Critiques littéraires

Voyage à travers les romans de Kundera

Avec Écrire, quelle drôle d’idée !, Florence Noiville propose un parcours diachronique sur l’itinéraire personnel et artistique d’un écrivain qui a traversé le siècle dernier. Les souvenirs, récits de voyage et analyses littéraires ancrent Milan Kundera dans un terreau mitteleuropéen clairement explicité, qui semble fonder son universalité et sa spécificité tonale.

Voyage à travers les romans de Kundera

© Jean-Pierre Couderc / Roger-Viollet

Quel indéchiffrable et terrible mystère que celui d’un homme d’une force intellectuelle peu commune s’enfermant, au soir de sa vie, dans le silence, l’oubli de soi et des autres, jusqu’à l’oubli de la parole – comme son père avant lui, - et le déni de réalité. Quelle terrifiante ironie aussi d’apprendre que, lui, l’écrivain pourri de dons – Milan Kundera savait aussi l’art du piano, celui de la composition, dès l’âge de 14 ans et magistralement, dessiner avec talent, traduire et maîtriser les langues, au point de délaisser la sienne pour écrire ses romans en français à l’âge de… 65 ans – n’occupait plus ses journées qu’à déchirer les pages des livres de sa bibliothèque parisienne, y compris les siens.

Cette énigme d’un écrivain habité par l’absence, qui ne sait même plus qu’il a écrit des livres, pour qui l’oubli était certes une vertu nécessaire pour ne pas vivre avec ce qui était douloureux mais devait être une action réfléchie, a évidemment un nom pour la médecine.

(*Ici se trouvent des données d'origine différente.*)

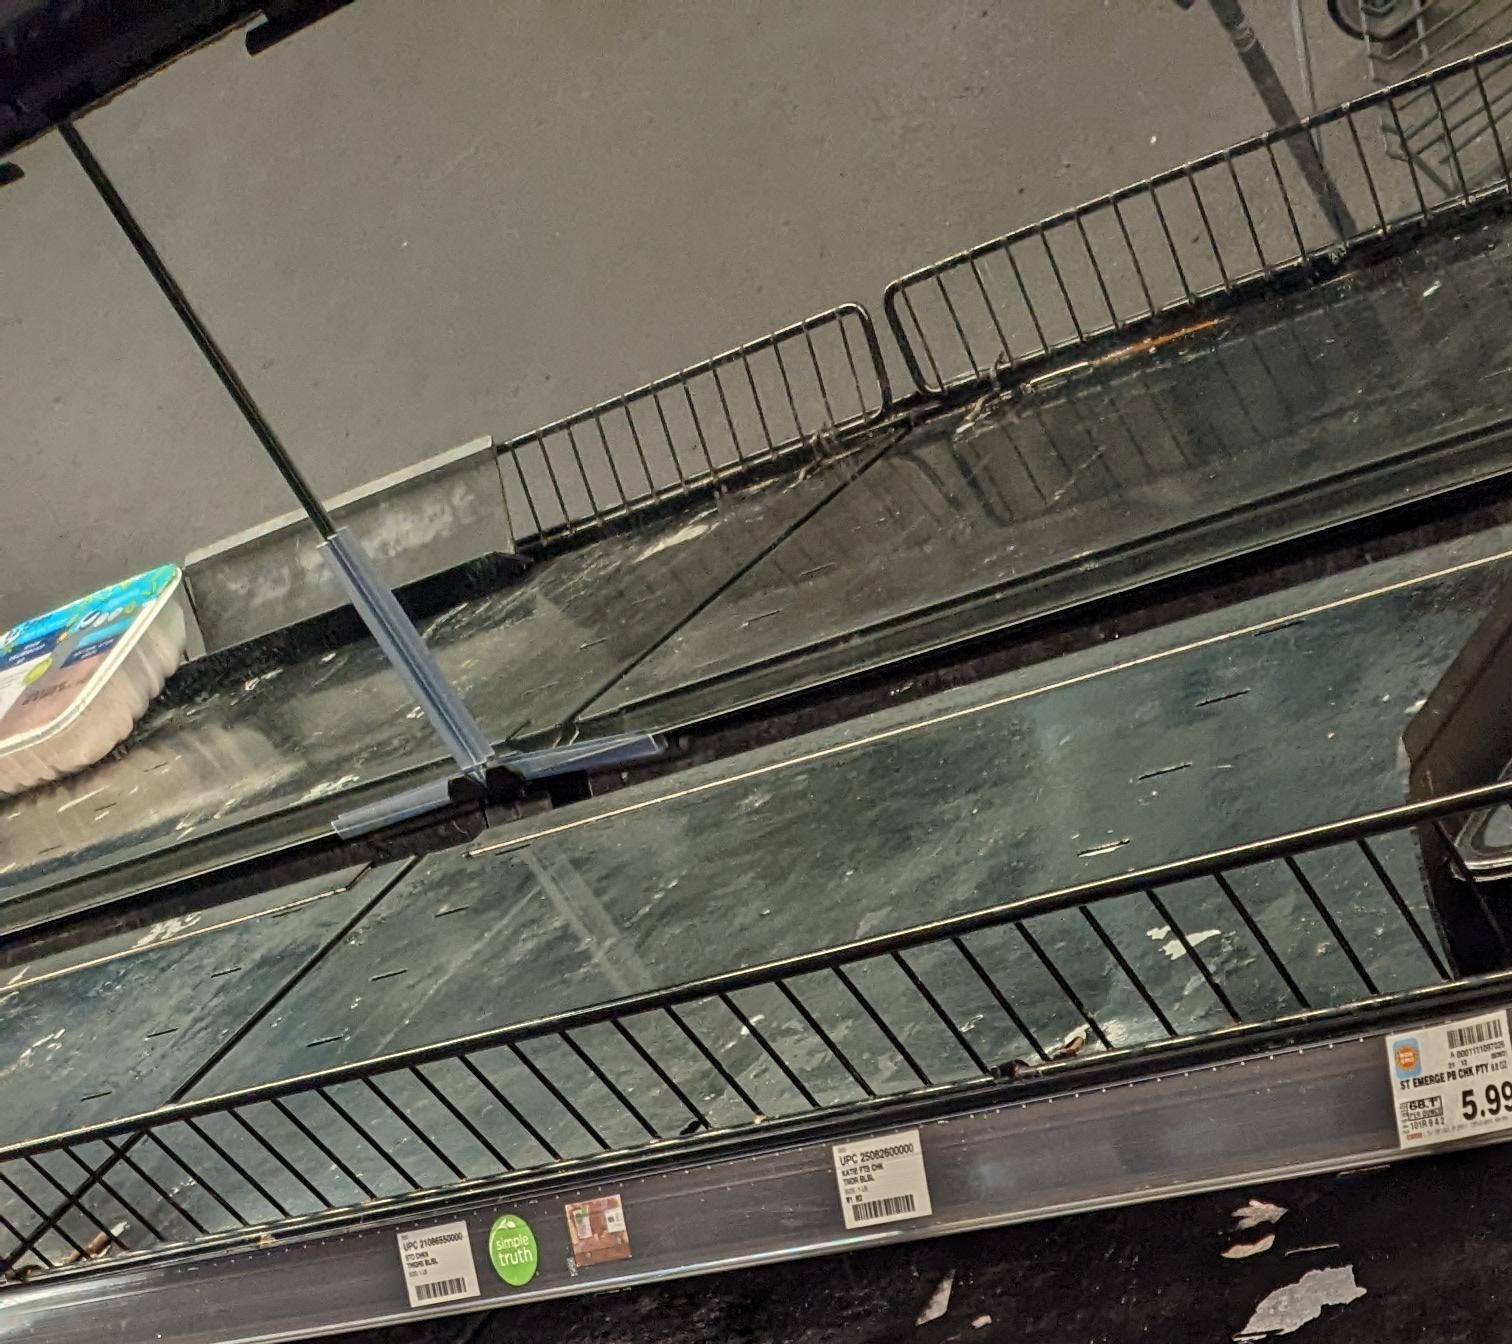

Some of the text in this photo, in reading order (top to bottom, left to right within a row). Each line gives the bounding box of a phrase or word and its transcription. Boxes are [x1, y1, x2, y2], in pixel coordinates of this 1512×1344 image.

Heureusement, dans son livre sur Milan Kundera, publié peu avant sa mort, Florence Noiville, écrivaine et critique littéraire au Monde des livres, a la pudeur de ne pas le révéler, ni de l’appeler naufrage ou déchéance. Elle raconte bien sûr son état mais sur peu de pages, sans aucun voyeurisme. Mais non sans colère : « L’oubli… Déchirer ses propres œuvres. Scripta manent. Même ce qui devrait demeurer finira détruit, déchiré, déchiqueté, broyé, lacéré, réduit en confettis pour pleuvoir sur la grande fête de l’insignifiance. » La Fête de l’insignifiance, précisément, la dernière œuvre de fiction de Milan Kundera écrite une dizaine d’années avant sa mort, et peut-être son roman le plus achevé.

Prémonition ? Kundera avait écrit dans La Plaisanterie, son premier roman, achevé en 1965, ces mots qui, à la fin de vie, résonnent étrangement : « (…) et l’idée m’envahit qu’un destin souvent s’achève bien avant la mort, que le moment de fin de vie ne coïncide pas avec celui de la mort. »

L’auteur de L’Insoutenable Légèreté de l’être n’aimait pas, c’est peu de le dire, les biographes. Il lui semblait indécent que l’on fouille la vie d’un écrivain au prétexte d’éclairer son œuvre. D’où un quasi-silence médiatique dans le dernier tiers de son existence. Amie de l’écrivain et de sa femme Vera qu’elle a fréquentés pendant une trentaine d’années, Florence Noiville se devait de respecter leur volonté. Elle a donc adopté une démarche inverse. C’est en partant de ses livres que l’on va découvrir l’écrivain. D’où un journal de voyage à travers ses romans. Mêlant ainsi son œuvre à sa vie, elle part de la première pour retrouver les grandes étapes de la seconde. « Jamais une œuvre n’aura autant dit de son auteur », précise-t-elle.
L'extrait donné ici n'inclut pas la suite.